On July 25, Lewis describes a night in the life of Hollywood “players”: “last evening, going again to PR [Players Restaurant] with Peter Ruric and a couple of gals (each of whom was preposterously more beautiful, intelligent, and adorable than any NY girl, such as this Rosemary Povah).” But by August 10, Lewis had tired of the Ruric mystique: “Dinner last night, the only one attempted in my tiny dining-room where houseman here serves [me] breakfasts: Cedric [Hardwicke], who was charming as ever, Alex Knox (Jason) who was fair, Peter Ruric who was dreary...” It appears that many in Hollywood were beginning to feel the same way.
Cain, for his part, had a small resurgence. In 1944 Sims took a trip to New York, renting an apartment at 3 E 33rd Street and meeting with Shaw. After his return to Hollywood, Sims’s erstwhile mentor helped resuscitate his nose-diving protégé’s career, including “Red 71” in The Hard-Boiled Omnibus (1946). Shaw’s correspondence with Sims, who was living in a two-bedroom home at 2372 Loma Vista Place, involved more obfuscation and outright malarkey. Meanwhile, the Shaw Press in Hollywood (a subsidiary of Saint Enterprises) reprinted Fast One in 1944, followed by Sims’s own compilation of his finest Black Mask tales, Seven Slayers (1946). Avon would keep both volumes in print into the ’50s.
By that time, Ruric was entirely on the outs with the studios. His last screenplay had been a collaborative adaptation of two Maupassant stories, Mademoiselle Fifi (1944), and in 1948 he received a credit for the appropriately named Alias a Gentleman, which was based on a story he had sold to M-G-M in 1941. As Myers and Collins disclose, 1948 also saw Ruric writing two episodes for the radio program Cavalcade of America, “Incident at Niagara” (September 27, 1948) and “Home to the Heritage” (October 11, 1948). They quote radio historian Martin Grams: “It is interesting to note that he co-wrote the scripts with Virginia Radcliffe, who herself was a free-lance writer and wrote numerous scripts for Cavalcade.”[16] This partnership is interesting indeed, and wasn’t limited to the airwaves. Sims and Radcliffe, who was born in Chicago in 1914, were married sometime in 1945 or ’46, and their union lasted until the end of the decade. Radcliffe, the second Virginia in Sims’s life, had previously been married to the prolific bit-player and sometime writer George M. Lynn; after divorcing Sims, she’d go on to marry William Hurst, becoming an outspoken conservationist and penning The Caribbean Heritage, an illustrated history of the islands, which was published shortly after her death in 1976.

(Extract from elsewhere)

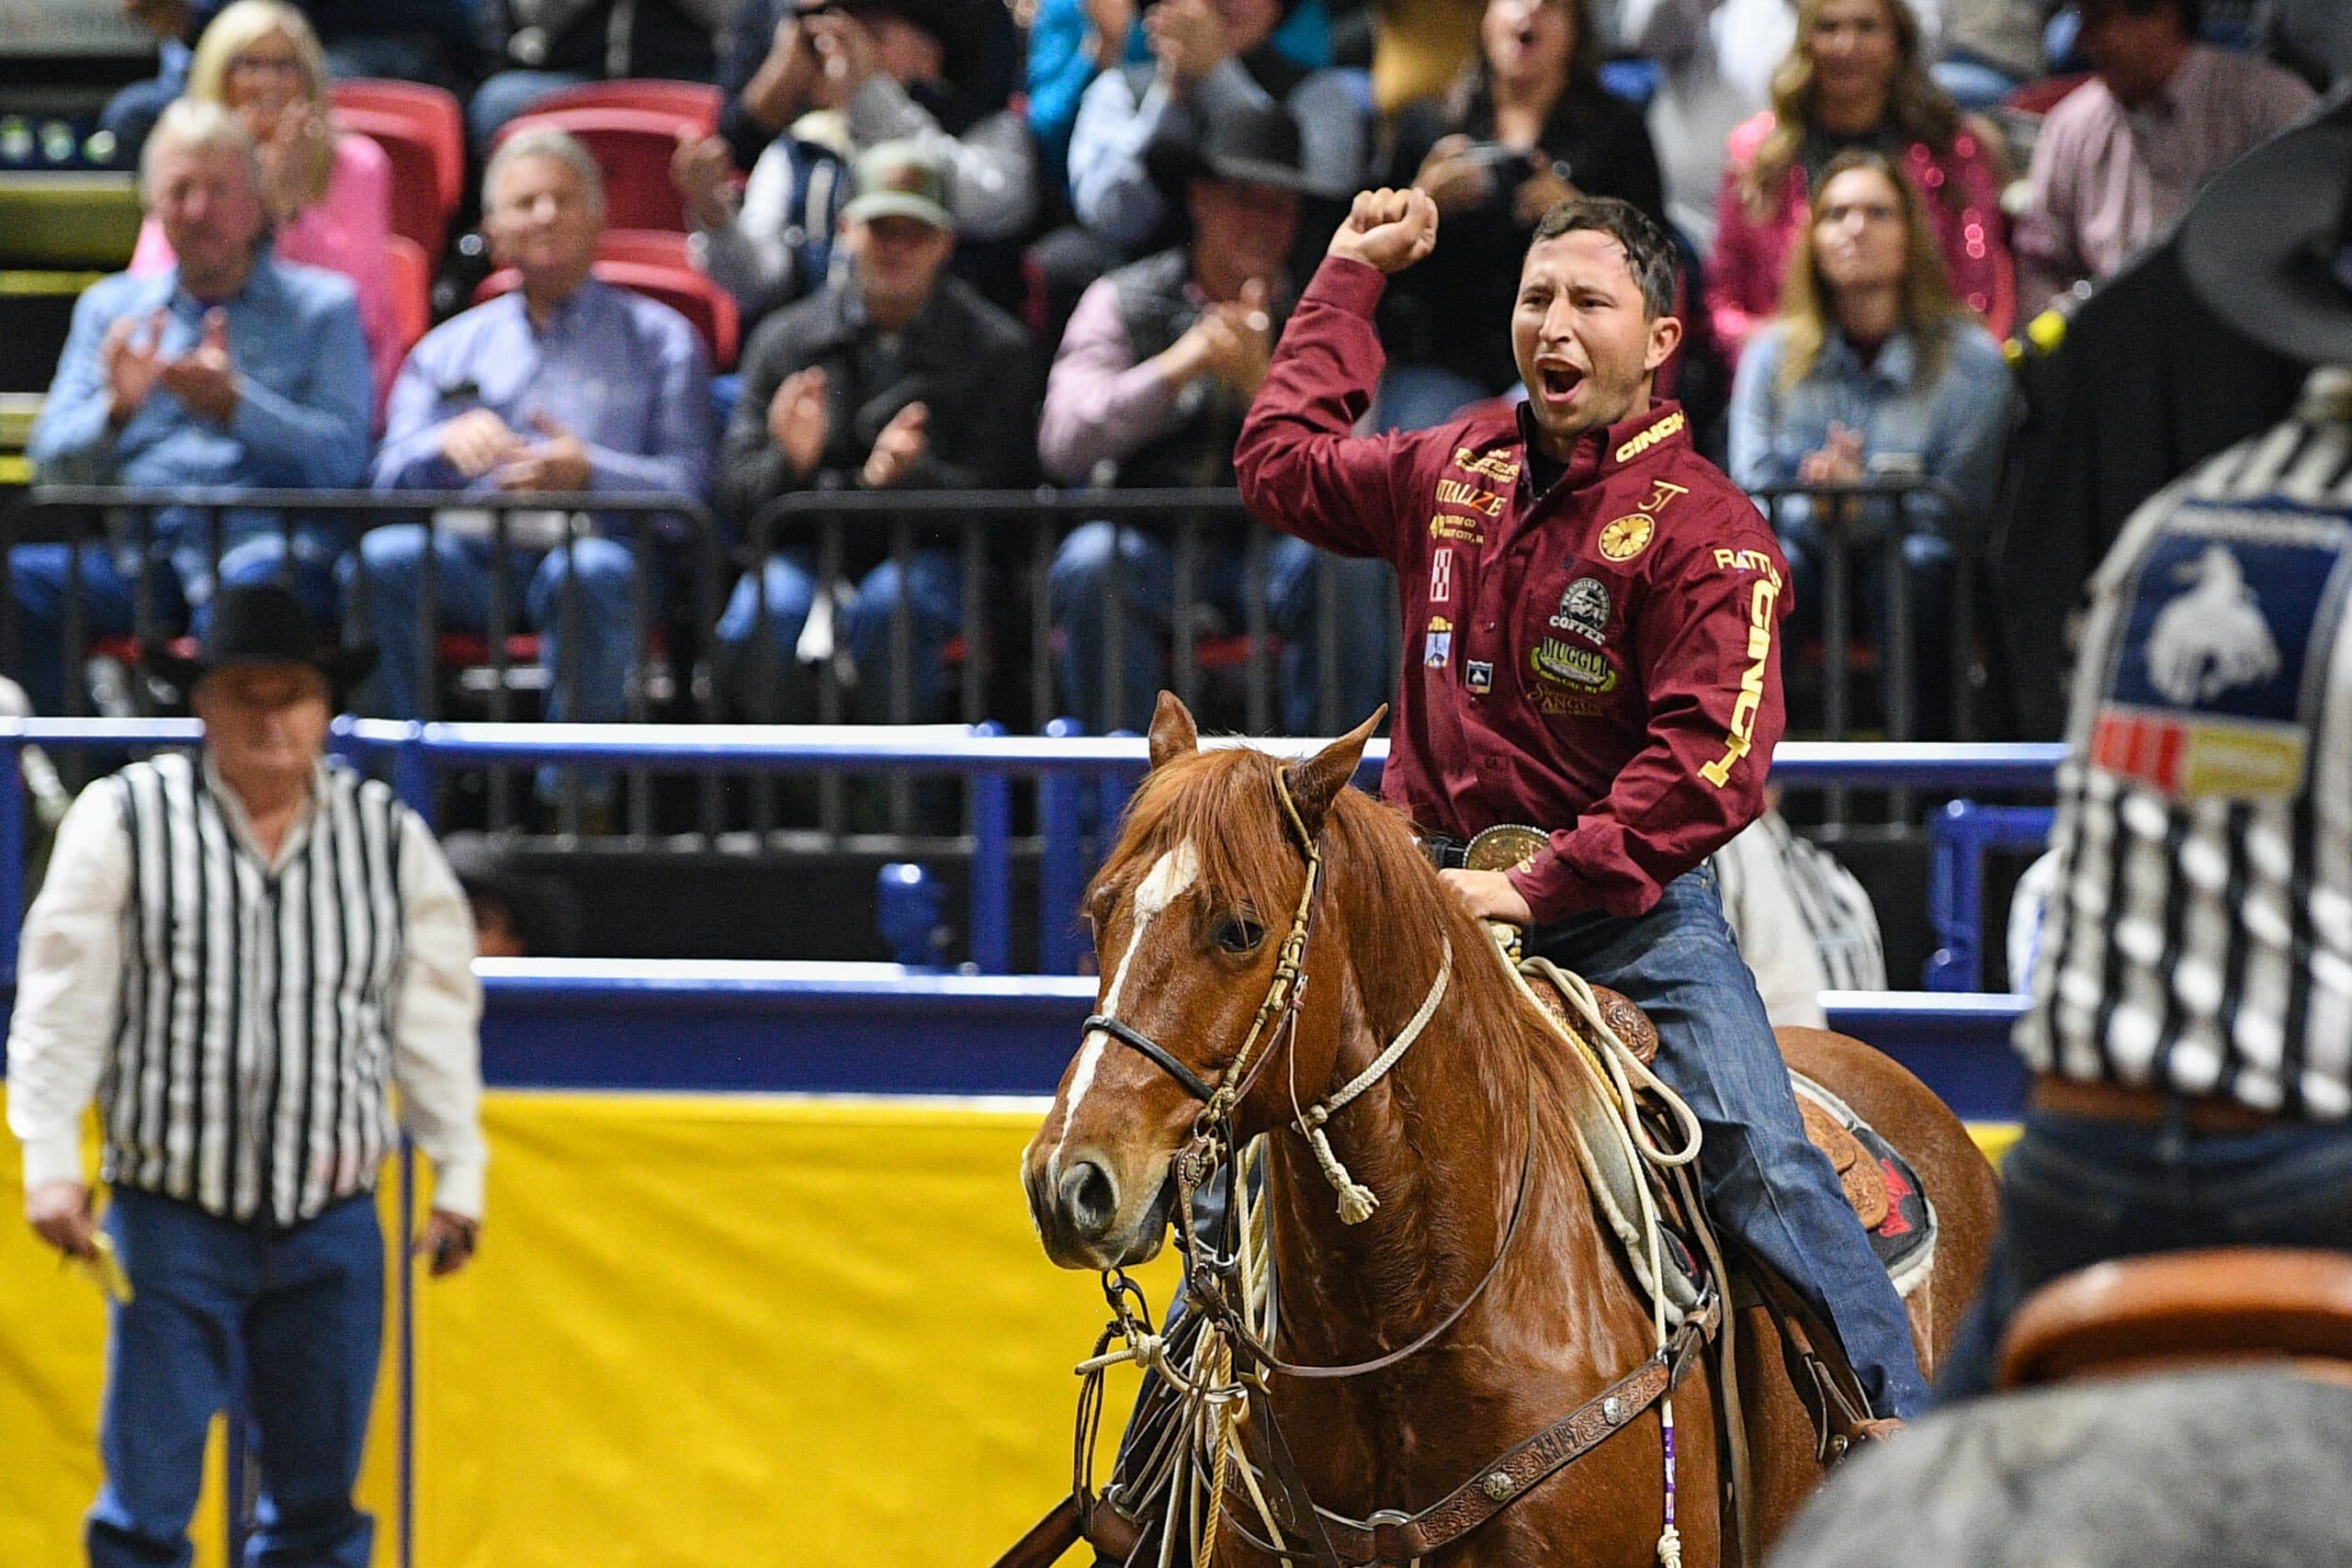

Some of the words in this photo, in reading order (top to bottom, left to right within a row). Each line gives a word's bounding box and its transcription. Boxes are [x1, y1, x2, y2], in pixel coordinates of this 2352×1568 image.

[1615, 410, 1685, 463] CINCH
[1549, 615, 1607, 646] COFFEE
[1542, 636, 1608, 677] MUGGLI
[1698, 579, 1774, 789] CINCH

Sometime during their marriage the couple lived in New York, and it was at this point that Sims’s old acquaintance from the Chateau Marmont, Sinclair Lewis, reappeared in his life. Lewis’s biographer Mark Schorer writes:
[Lewis] was spending as many hours as she would give him with Miss Powers, but there were empty stretches when he turned to people whom he hardly knew — the young Hollywood script-writer Peter Ruric, for example, who was now writing a novel in New York, and whom Lewis invited to his apartment with his fiancée, and to whom he said that he could not work in New York, that he was returning as soon as possible to his home ground. One afternoon he had this couple to a cocktail party with some other young people, including Miss Powers, and presently he sent the whole party out to dinner, promising to join them later. He made reservations for them at an 86th Street Brauhaus, to which they proceeded, and where they dined, danced and waited for him; but he never came. His guests spoke of him with faint scorn, a hopeless case, and Miss Powers, although defensive of him, despaired, too.[17]

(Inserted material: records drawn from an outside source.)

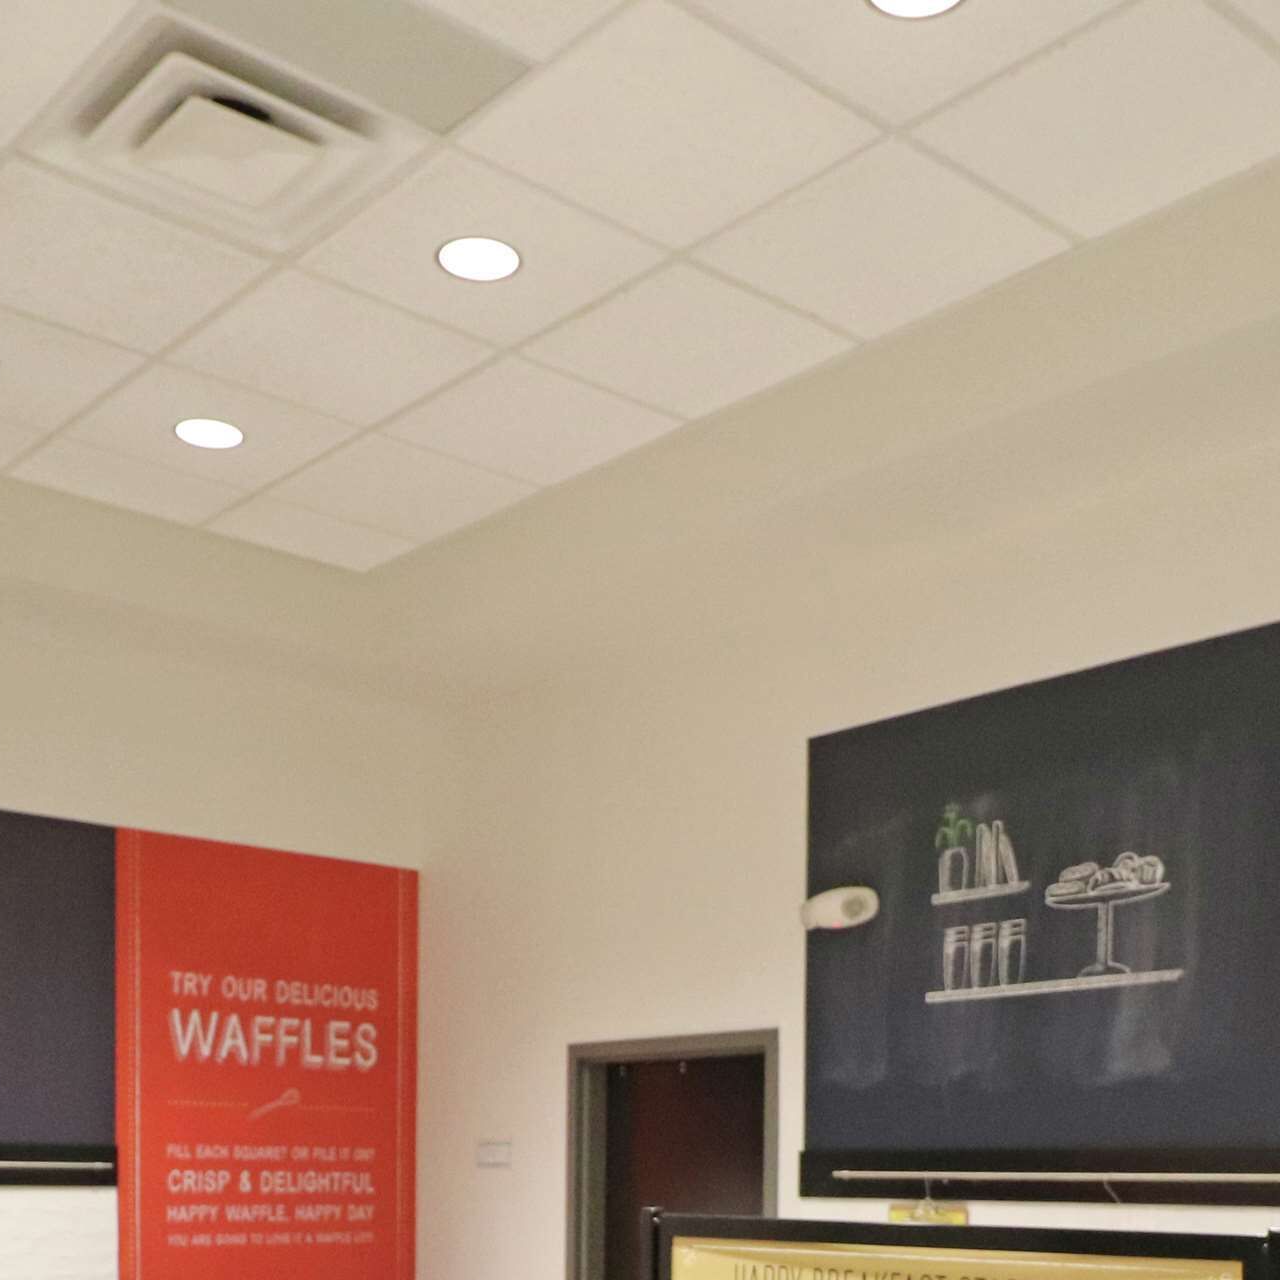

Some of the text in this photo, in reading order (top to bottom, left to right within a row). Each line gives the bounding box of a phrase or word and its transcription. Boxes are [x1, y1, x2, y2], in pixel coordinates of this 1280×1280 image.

[170, 971, 379, 1011] TRY OUR DELICIOUS
[170, 1007, 379, 1070] WAFFLES
[167, 1168, 375, 1194] CRISP & DELIGHTFUL
[167, 1204, 218, 1222] HAPPY
[294, 1204, 341, 1221] HAPPY
[348, 1204, 375, 1221] DAY

Lewis himself had grown dreary. Schorer seems to have learned of this meeting partly from Miss Powers, and partly from Virginia Radcliffe herself, whom he thanks in his acknowledgments.
Records from the U.S. Copyright Office also show that Sims had written plays as Ruric that were never published, registering Memory of Man, a Play. In Three Acts in 1947, and Count Bruga, a Morality Play in Three Acts in 1949.[18] The latter was based on Ben Hecht’s 1926 novel, a satire of Greenwich Village bohemia and its archetypal poète maudit, Maxwell Bodenheim.
In 1949, Marcel Duhamel, the legendary editor of Gallimard’s “Série noire,” added a French translation of Fast One to his catalog. Inclusion in this prestigious series — a favorite among French intellectuals — encouraged Sims. By this time, it must have been clear to him that the Paul Cain stories stood the best chance of gaining him entry into the world of the European avant-garde, to which he had long claimed allegiance. After all, even Gertrude Stein had lent the hard-boiled crime novel her imprimatur in Everybody’s Autobiography (1937): “I never try to guess who has done the crime and if I did I would be sure to guess wrong but I liked somebody being dead and how it moves along and Dashiell Hammett was all that and more.”[19] A year earlier, in her lecture “What Are Master-pieces and Why Are There So Few of Them” (1936), Stein had mused on the detective story’s peculiar merits: “It is very curious but the detective story which is you might say the only really modern novel form that has come into existence gets rid of human nature by having the man dead to begin with.”[20] Stein valued style and pace, and Hammett had certainly provided, but it was Cain who would have best met her needs; no one in the hard-boiled school had so fearlessly elevated style and pace over moral substance and “human nature.” Indeed, no crime novel was more modernistic in a Steinian sense than Fast One, and Duhamel had given its author recognition when he needed it most.
According to his memoir, Raconte pas ta vie (1972), Duhamel had the dubious honor of meeting Sims in France around that time. The man he encountered was a physically decrepit, unbearably needy specimen, who was “unable to take a single step by himself” — a limp “octopus,” a “vampire” that would exceed Polanski’s imagination.[21] Duhamel’s story confirms the notion that Sims had bottomed out, and was now betting on Paul Cain:
It was Hollywood that had done him in. A renowned screenwriter, a darling at “parties,” disgusted with work that was unworthy of him, he ended up seeking inspiration in alcohol. This was followed by emotional setbacks, two divorces, three detoxification cures, and a course of psychoanalysis; he came to Europe looking for some kind of salvation, after having tried everything else. “And,” he said, “you are my last hope.”[22]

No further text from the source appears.